## To do
So that nothing is lost, restate each entry exactly as supplied.

## Records provided
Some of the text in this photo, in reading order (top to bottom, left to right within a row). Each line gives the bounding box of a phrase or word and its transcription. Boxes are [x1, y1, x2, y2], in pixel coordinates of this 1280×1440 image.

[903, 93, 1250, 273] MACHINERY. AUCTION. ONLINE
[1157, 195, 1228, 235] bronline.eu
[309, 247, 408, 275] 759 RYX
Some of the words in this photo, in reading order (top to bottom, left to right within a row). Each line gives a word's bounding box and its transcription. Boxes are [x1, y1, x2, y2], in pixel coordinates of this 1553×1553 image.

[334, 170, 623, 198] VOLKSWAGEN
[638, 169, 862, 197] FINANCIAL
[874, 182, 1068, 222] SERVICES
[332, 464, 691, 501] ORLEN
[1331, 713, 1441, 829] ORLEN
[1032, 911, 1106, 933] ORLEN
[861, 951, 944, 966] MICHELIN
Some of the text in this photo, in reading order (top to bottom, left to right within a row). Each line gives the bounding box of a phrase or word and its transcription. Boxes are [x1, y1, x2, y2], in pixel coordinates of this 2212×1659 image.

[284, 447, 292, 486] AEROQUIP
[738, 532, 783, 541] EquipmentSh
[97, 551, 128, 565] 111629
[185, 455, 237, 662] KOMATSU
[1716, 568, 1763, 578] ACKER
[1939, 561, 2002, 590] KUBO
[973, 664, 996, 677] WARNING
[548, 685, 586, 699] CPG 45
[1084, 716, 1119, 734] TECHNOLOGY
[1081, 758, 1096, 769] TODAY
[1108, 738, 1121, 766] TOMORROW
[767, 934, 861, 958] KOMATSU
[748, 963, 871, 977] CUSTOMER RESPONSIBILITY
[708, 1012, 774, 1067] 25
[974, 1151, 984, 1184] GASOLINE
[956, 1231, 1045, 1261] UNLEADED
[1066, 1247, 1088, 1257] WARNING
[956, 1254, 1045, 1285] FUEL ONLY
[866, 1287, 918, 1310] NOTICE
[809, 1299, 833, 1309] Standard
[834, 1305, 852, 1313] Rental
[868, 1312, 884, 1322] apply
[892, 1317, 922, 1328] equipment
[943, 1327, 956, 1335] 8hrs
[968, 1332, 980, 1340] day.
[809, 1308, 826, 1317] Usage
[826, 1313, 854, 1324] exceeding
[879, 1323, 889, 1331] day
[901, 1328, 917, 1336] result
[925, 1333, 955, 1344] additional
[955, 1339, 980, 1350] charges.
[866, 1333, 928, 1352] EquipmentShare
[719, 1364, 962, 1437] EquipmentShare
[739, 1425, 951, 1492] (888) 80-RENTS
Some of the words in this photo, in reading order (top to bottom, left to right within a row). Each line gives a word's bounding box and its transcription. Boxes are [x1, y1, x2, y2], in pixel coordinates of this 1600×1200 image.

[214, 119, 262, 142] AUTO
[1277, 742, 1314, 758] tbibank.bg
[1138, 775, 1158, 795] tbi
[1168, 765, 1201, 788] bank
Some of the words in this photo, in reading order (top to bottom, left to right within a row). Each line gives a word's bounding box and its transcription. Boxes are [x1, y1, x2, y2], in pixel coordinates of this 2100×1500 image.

## Task response
Some of the text in this photo, in reading order (top to bottom, left to right within a row). Each line gives the bounding box of a phrase or word and its transcription. Boxes are [x1, y1, x2, y2], in pixel coordinates of this 1280×1440 image.

[903, 93, 1250, 273] MACHINERY. AUCTION. ONLINE
[1157, 195, 1228, 235] bronline.eu
[309, 247, 408, 275] 759 RYX
Some of the words in this photo, in reading order (top to bottom, left to right within a row). Each line gives a word's bounding box and its transcription. Boxes are [x1, y1, x2, y2], in pixel coordinates of this 1553×1553 image.

[334, 170, 623, 198] VOLKSWAGEN
[638, 169, 862, 197] FINANCIAL
[874, 182, 1068, 222] SERVICES
[332, 464, 691, 501] ORLEN
[1331, 713, 1441, 829] ORLEN
[1032, 911, 1106, 933] ORLEN
[861, 951, 944, 966] MICHELIN
Some of the text in this photo, in reading order (top to bottom, left to right within a row). Each line gives the bounding box of a phrase or word and its transcription. Boxes are [x1, y1, x2, y2], in pixel coordinates of this 2212×1659 image.

[284, 447, 292, 486] AEROQUIP
[738, 532, 783, 541] EquipmentSh
[97, 551, 128, 565] 111629
[185, 455, 237, 662] KOMATSU
[1716, 568, 1763, 578] ACKER
[1939, 561, 2002, 590] KUBO
[973, 664, 996, 677] WARNING
[548, 685, 586, 699] CPG 45
[1084, 716, 1119, 734] TECHNOLOGY
[1081, 758, 1096, 769] TODAY
[1108, 738, 1121, 766] TOMORROW
[767, 934, 861, 958] KOMATSU
[748, 963, 871, 977] CUSTOMER RESPONSIBILITY
[708, 1012, 774, 1067] 25
[974, 1151, 984, 1184] GASOLINE
[956, 1231, 1045, 1261] UNLEADED
[1066, 1247, 1088, 1257] WARNING
[956, 1254, 1045, 1285] FUEL ONLY
[866, 1287, 918, 1310] NOTICE
[809, 1299, 833, 1309] Standard
[834, 1305, 852, 1313] Rental
[868, 1312, 884, 1322] apply
[892, 1317, 922, 1328] equipment
[943, 1327, 956, 1335] 8hrs
[968, 1332, 980, 1340] day.
[809, 1308, 826, 1317] Usage
[826, 1313, 854, 1324] exceeding
[879, 1323, 889, 1331] day
[901, 1328, 917, 1336] result
[925, 1333, 955, 1344] additional
[955, 1339, 980, 1350] charges.
[866, 1333, 928, 1352] EquipmentShare
[719, 1364, 962, 1437] EquipmentShare
[739, 1425, 951, 1492] (888) 80-RENTS
Some of the words in this photo, in reading order (top to bottom, left to right within a row). Each line gives a word's bounding box and its transcription. Boxes are [x1, y1, x2, y2], in pixel coordinates of this 1600×1200 image.

[214, 119, 262, 142] AUTO
[1277, 742, 1314, 758] tbibank.bg
[1138, 775, 1158, 795] tbi
[1168, 765, 1201, 788] bank
Some of the words in this photo, in reading order (top to bottom, left to right within a row). Each line gives a word's bounding box and its transcription. Boxes are [x1, y1, x2, y2], in pixel coordinates of this 2100×1500 image.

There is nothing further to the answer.